Monsieur le Premier ministre,
Monsieur le Président du Sénat,
Monsieur le Président de l'Assemblée nationale,
Madame la Garde des sceaux, chère Rachida,
Monsieur le Président du Comité de modernisation et de rééquilibrage des institutions de la Cinquième République, cher Édouard,
Mesdames et Messieurs, et, si vous me le permettez, chers amis,
Cela fait plus d'un siècle que le scellement des lois, même constitutionnelles, n'est plus une condition de leur validité, pas davantage que de leur entrée en vigueur. Mais l'usage s'est maintenu de sceller nos textes les plus solennels et de leur témoigner ainsi notre attachement particulier. Ce fut le cas pour la Constitution du 4 octobre 1958, qui fut scellée en ces lieux, par Michel Debré, il y a tout juste cinquante ans. Ce fut le cas des principales lois constitutionnelles qui la modifièrent. Mais ce fut le cas aussi, par exemple, de la loi du 9 octobre 1981 portant abolition de la peine de mort.
Il est donc naturel que nous nous retrouvions ici ce matin pour procéder au scellement de la loi constitutionnelle du 23 juillet 2008 de modernisation des institutions de la Cinquième République. Par le nombre des articles concernés et par l'ampleur des modifications engagées, cette loi constitue la plus importante réforme de la Constitution depuis 1962.
Je veux saisir l'occasion de cette cérémonie pour remercier tous ceux qui se sont investis et mobilisés pour permettre l'adoption de ce texte :
- Monsieur le Premier ministre Édouard Balladur en premier lieu, et les membres du comité qu'il a bien voulu présider, au premier rang desquels se trouvent Jack Lang, qui a fait preuve de grand courage en la matière et de beaucoup de clairvoyance, et Pierre Mazeaud - mais cela ne veut pas dire que les autres membres n'ont pas été clairvoyants et courageux, ils l'ont été.
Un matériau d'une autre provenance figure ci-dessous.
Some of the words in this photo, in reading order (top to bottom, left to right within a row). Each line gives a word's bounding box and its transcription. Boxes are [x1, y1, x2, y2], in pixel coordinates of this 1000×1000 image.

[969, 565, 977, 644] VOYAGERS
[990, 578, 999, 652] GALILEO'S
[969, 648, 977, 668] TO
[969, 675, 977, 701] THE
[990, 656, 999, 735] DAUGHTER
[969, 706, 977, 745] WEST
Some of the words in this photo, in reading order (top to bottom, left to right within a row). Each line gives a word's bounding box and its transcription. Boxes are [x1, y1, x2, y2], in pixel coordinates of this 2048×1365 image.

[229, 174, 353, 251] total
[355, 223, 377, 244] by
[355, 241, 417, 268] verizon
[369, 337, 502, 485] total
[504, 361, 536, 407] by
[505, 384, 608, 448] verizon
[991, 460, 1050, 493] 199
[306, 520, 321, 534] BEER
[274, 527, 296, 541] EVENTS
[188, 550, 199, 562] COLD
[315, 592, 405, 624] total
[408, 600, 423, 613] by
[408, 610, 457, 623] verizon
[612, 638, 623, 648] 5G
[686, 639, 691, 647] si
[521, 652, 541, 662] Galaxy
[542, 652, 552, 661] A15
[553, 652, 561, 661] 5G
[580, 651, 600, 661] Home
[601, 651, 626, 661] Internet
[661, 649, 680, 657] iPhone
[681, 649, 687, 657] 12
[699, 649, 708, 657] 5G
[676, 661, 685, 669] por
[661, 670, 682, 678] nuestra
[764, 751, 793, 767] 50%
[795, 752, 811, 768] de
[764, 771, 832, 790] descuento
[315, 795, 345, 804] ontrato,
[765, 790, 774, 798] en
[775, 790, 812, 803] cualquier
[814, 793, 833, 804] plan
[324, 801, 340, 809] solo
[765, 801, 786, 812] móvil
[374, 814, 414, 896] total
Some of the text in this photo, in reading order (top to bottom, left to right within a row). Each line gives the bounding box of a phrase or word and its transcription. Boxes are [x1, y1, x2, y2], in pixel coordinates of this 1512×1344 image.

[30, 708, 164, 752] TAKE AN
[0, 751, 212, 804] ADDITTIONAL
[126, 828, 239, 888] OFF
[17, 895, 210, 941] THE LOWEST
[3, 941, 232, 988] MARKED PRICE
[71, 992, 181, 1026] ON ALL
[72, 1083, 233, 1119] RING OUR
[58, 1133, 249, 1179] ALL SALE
Je voudrais remercier Monsieur le Premier ministre Balladur pour la grande qualité des travaux qu'il a présidés et pour l'engagement des membres du comité au service de la modernisation de notre Constitution £Ces membres étaient divers, venaient d'horizons politiques différents. Ils ont fait preuve d'un grand sens de l'intérêt général. Je tiens à mentionner parmi eux les constitutionnalistes, les professeurs de droit qui nous ont beaucoup aidés et qui se sont engagés à l'intérieur du Comité comme à l'extérieur. Vous avez fait du beau travail et surtout vous avez privilégié l'intérêt général. Quand on compare à certaines réactions plus petites, vos travaux n'en sont que plus grands.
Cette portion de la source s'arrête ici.